What you will do —
Copy out the full data exactly as given; pictures should not be included.

Supplied records —
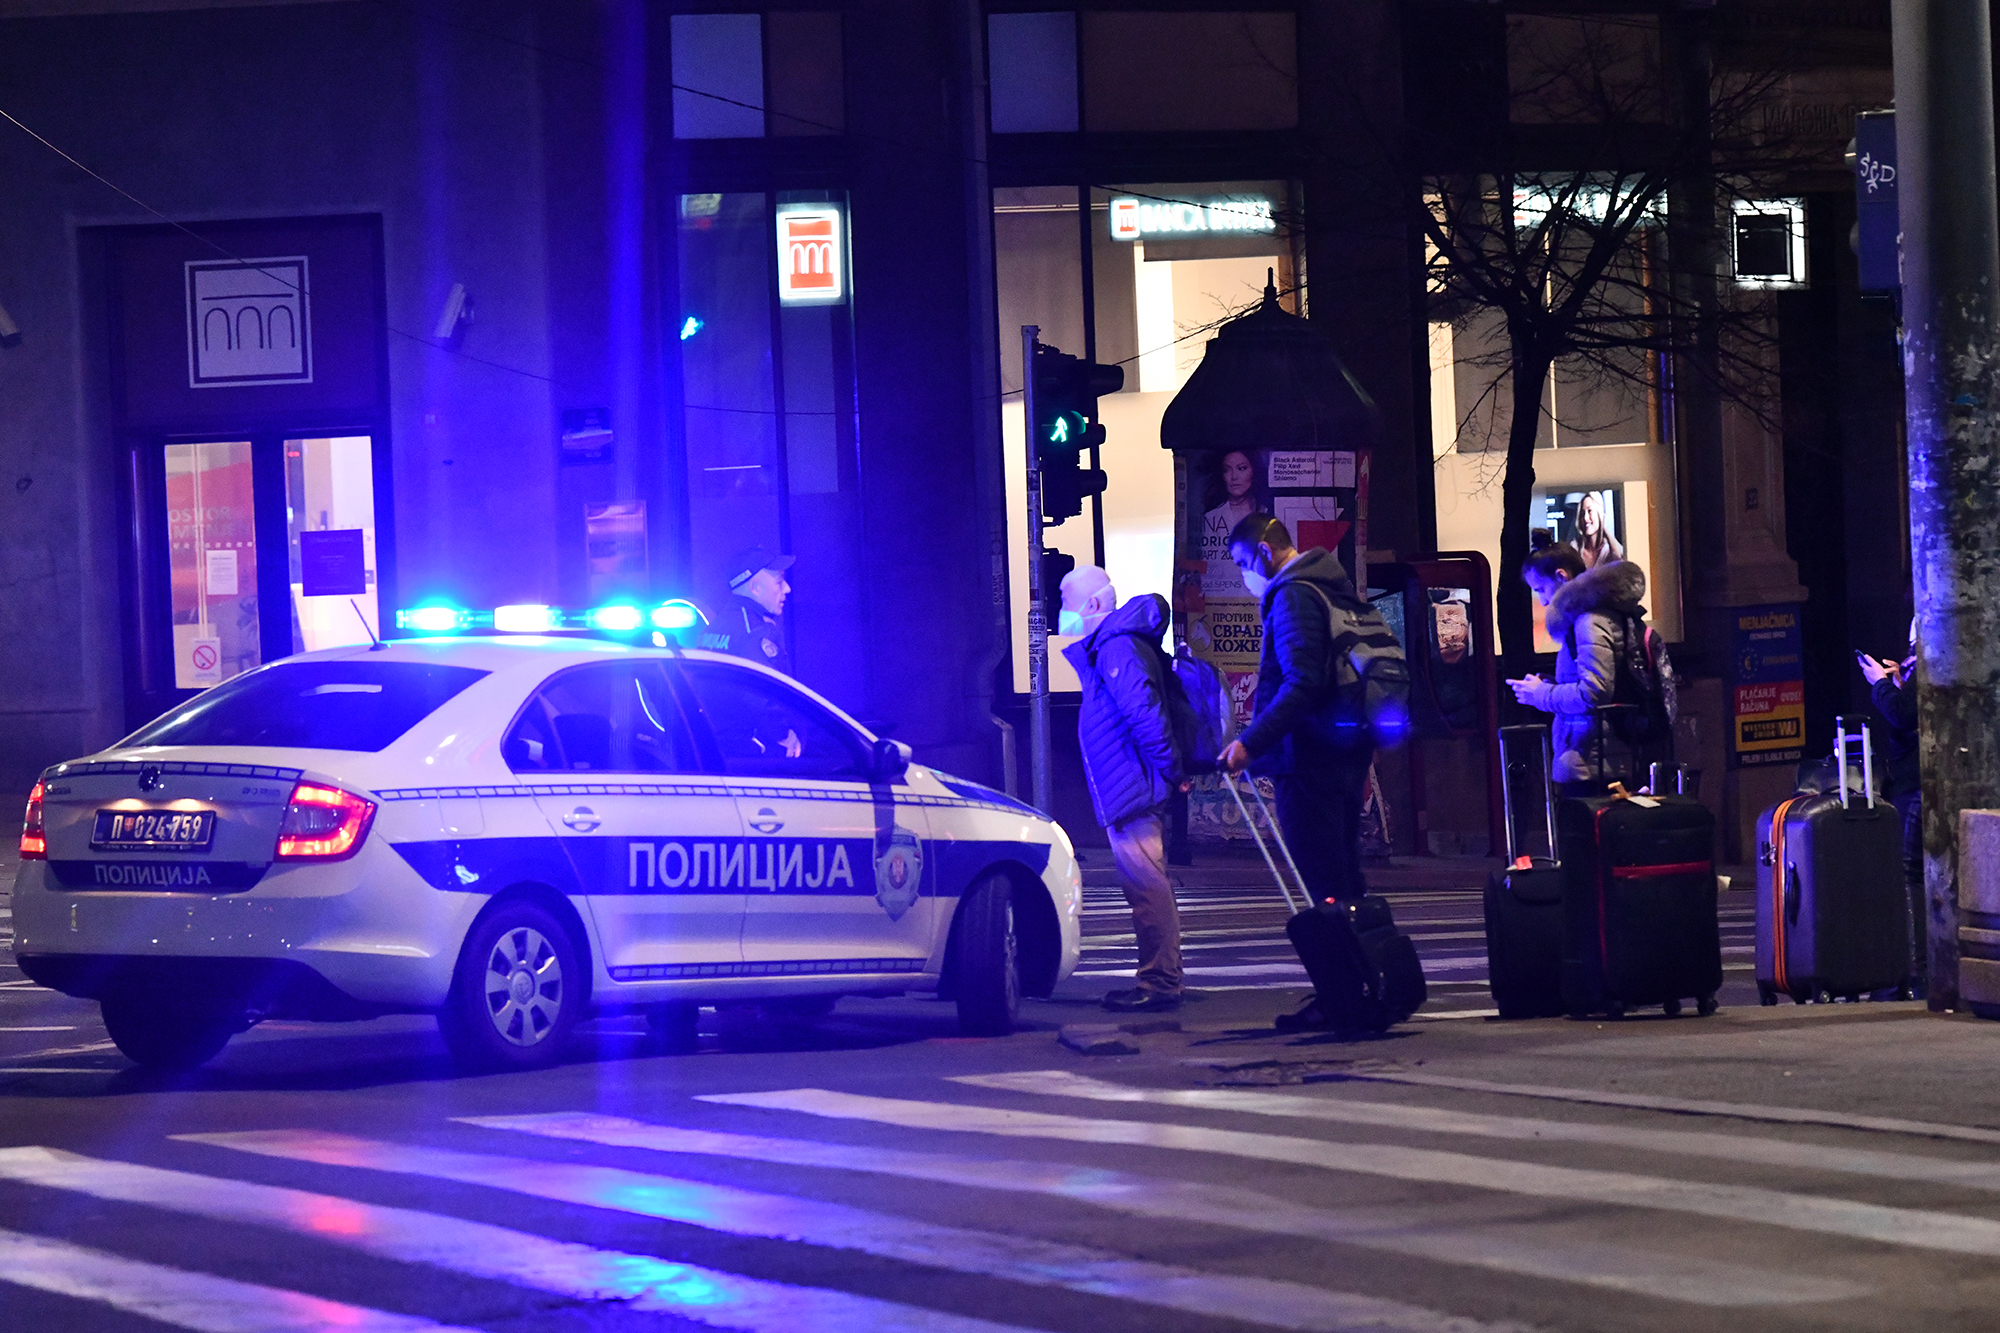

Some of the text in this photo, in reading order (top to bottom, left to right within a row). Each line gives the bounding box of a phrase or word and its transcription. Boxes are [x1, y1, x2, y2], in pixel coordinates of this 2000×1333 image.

[1212, 612, 1254, 623] ПРОТИВ
[1213, 638, 1260, 652] КОЖЕ
[134, 815, 203, 840] 024-759
[94, 864, 212, 887] ПОЛИЦИЈА
[629, 842, 855, 892] ПОЛИЦИЈА

Answer to this task —
Some of the text in this photo, in reading order (top to bottom, left to right within a row). Each line gives the bounding box of a phrase or word and its transcription. Boxes are [x1, y1, x2, y2], in pixel coordinates of this 2000×1333 image.

[1212, 612, 1254, 623] ПРОТИВ
[1213, 638, 1260, 652] КОЖЕ
[134, 815, 203, 840] 024-759
[94, 864, 212, 887] ПОЛИЦИЈА
[629, 842, 855, 892] ПОЛИЦИЈА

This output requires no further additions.